Natural gas in storage was 2,347 Bcf as of February 2, which is 19
percent above the 5-year average. The
spot price for West Texas Intermediate (WTI) crude oil decreased 42 cents per
barrel, or about 1 percent, on the week (Wednesday-Wednesday) to $57.75 per
barrel or $9.96 per MMBtu. Spot
price movements differed among the various markets since last Wednesday,
January 31, with prices generally increasing east of the Mississippi River and
decreasing elsewhere. A cold front
moving in from Canada contributed to the price increases as extremely cold
temperatures increased heating demand for natural gas. Prices in the affected
areas increased heading into the weekend as extreme weather conditions strained
system capacity, leading some natural gas transportation providers such as
Columbia Gas Transmission Corporation and Dominion in the Northeast region to
announce that pipeline capacity would not be available for non-firm deliveries
of natural gas (see Natural Gas Transportation Update below). In trading on Monday, February 5, prices
peaked at most market locations in the Midwest, Northeast, and Louisiana
regions with the largest increases occurring principally in the Northeast
region, but declined in each successive day of trading since then.

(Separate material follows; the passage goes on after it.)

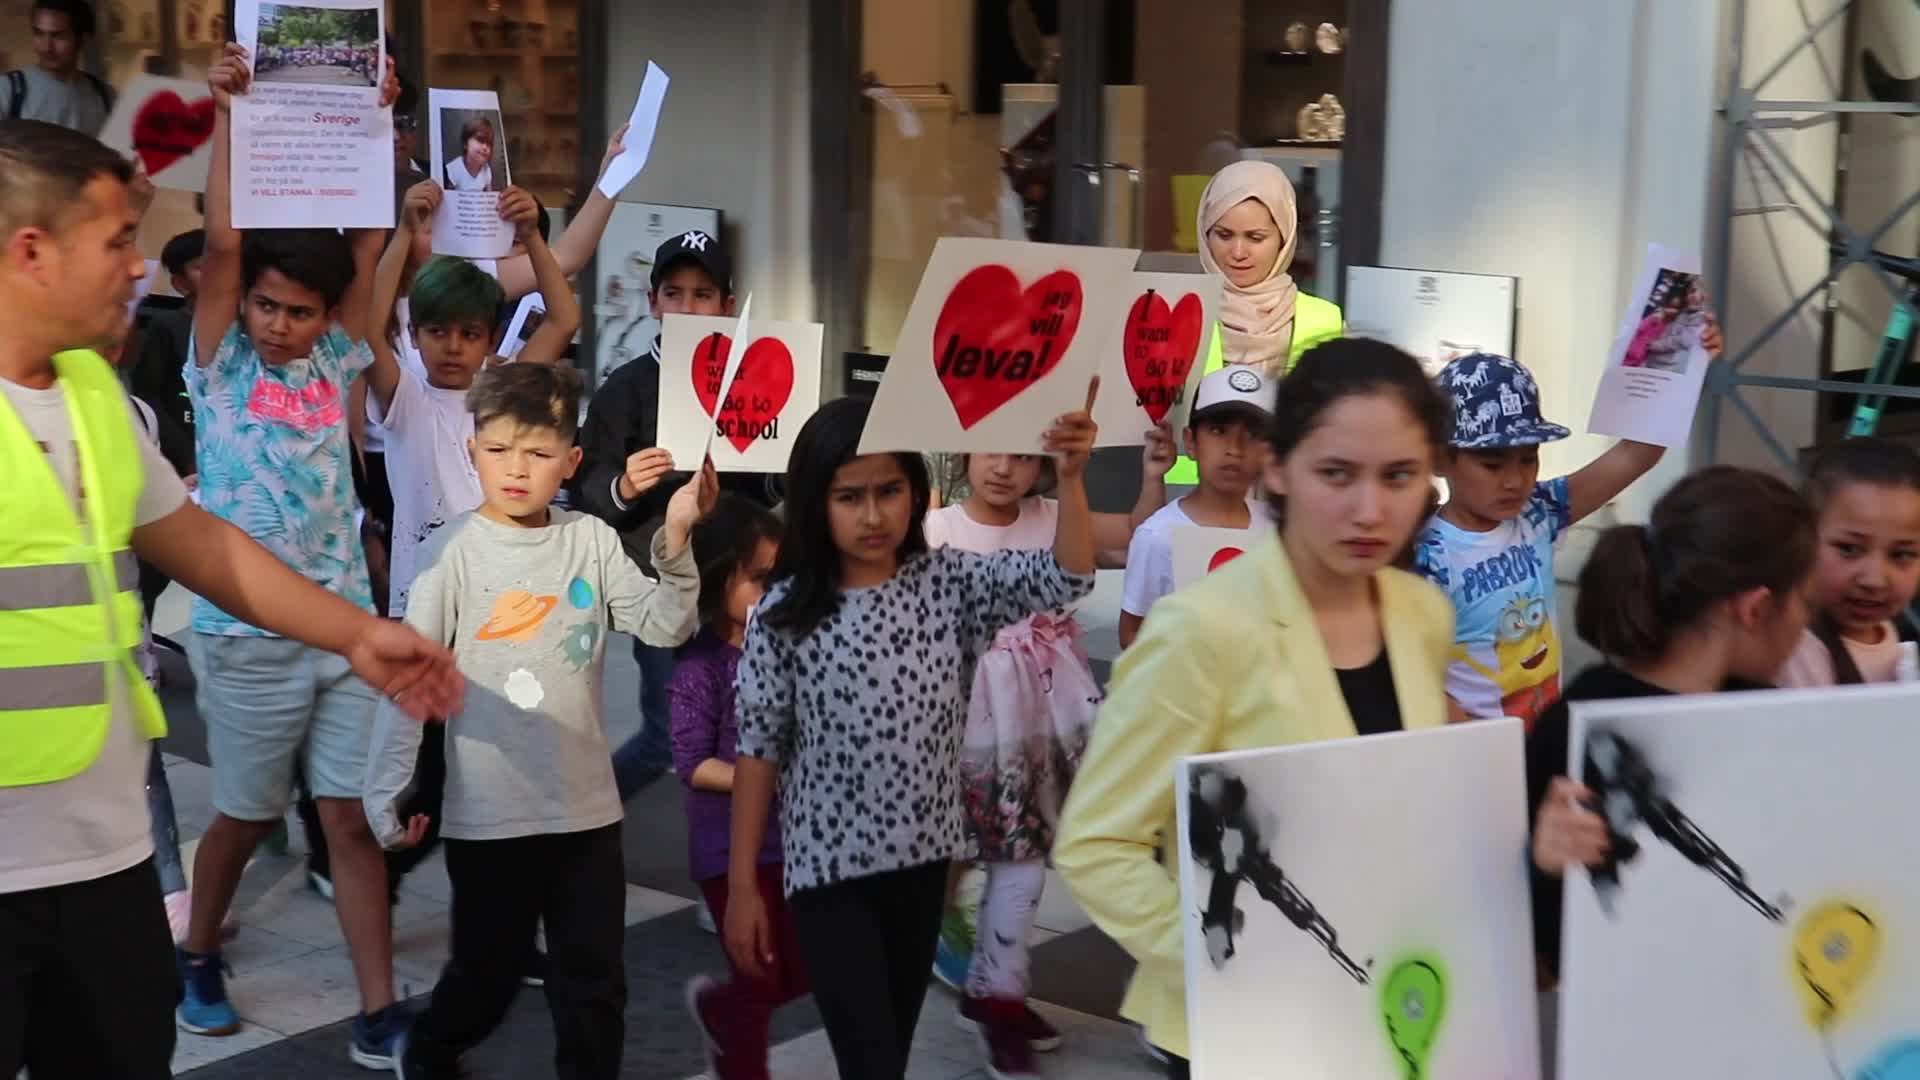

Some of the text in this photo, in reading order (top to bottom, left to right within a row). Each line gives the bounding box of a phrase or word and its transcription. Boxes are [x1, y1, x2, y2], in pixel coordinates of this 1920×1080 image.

Overall, prices rose about 12 cents per MMBtu
on average in the Louisiana and Midwest regions, and climbed about 95 cents per
MMBtu on average in the Northeast region since Wednesday, January 1. Despite these relatively modest price
increases, prices in the Northeast region were characterized by considerable
volatility during the week as prices at 7 of the 12 market locations in the
region climbed past the $16 mark on Tuesday before falling back to $11.36 or
less in trading on Wednesday, February 7.
The highest prices in the Northeast region occurred at the New York
citygate and at the Iroquois (zone 2) market location, serving parts of Suffolk
County in New York, and Connecticut, where prices peaked at $40.03 and $17.87
per MMBtu, respectively, on Monday, February 5.
At $40.03 per MMBtu, the price was the second-highest daily average ever
reported at the New York citygate, falling below only the $44.81 per MMBtu
posted on January 16, 2004. West of the
Mississippi, where temperatures were not as frigid, prices generally
declined. The largest declines occurred
in the Rocky Mountains region, where prices fell about 58 cents per MMBtu on
average. In Arizona, Nevada, and
California, price declines ranged between 7 and 16 cents per MMBtu on average,
while prices in Texas fell between 24 and 34 cents per MMBtu on average. Prices remain below levels reported last year
at this time, with prices at the Henry Hub 37 cents per MMBtu or 4 percent
below last year’s level. At
the NYMEX, prices for the futures contracts for the next 12 months increased
across the board with the 12-month futures strip (March 2007 through February
2008) climbing about 9 cents per MMBtu, or about 1 percent, since last
Wednesday, January 31, in a relatively quiet week of trading characterized by
daily price changes of less than a dime on average. While the NYMEX futures
contract for March delivery at the Henry Hub settled at $7.709 per MMBtu on
Wednesday, February 7, rising about 4 cents per MMBtu, or less than 1 percent,
prices for delivery in the ensuing months increased by slightly larger margins,
climbing a little over 1 percent.
Overall, the 12-month futures strip (March 2007 through February 2008)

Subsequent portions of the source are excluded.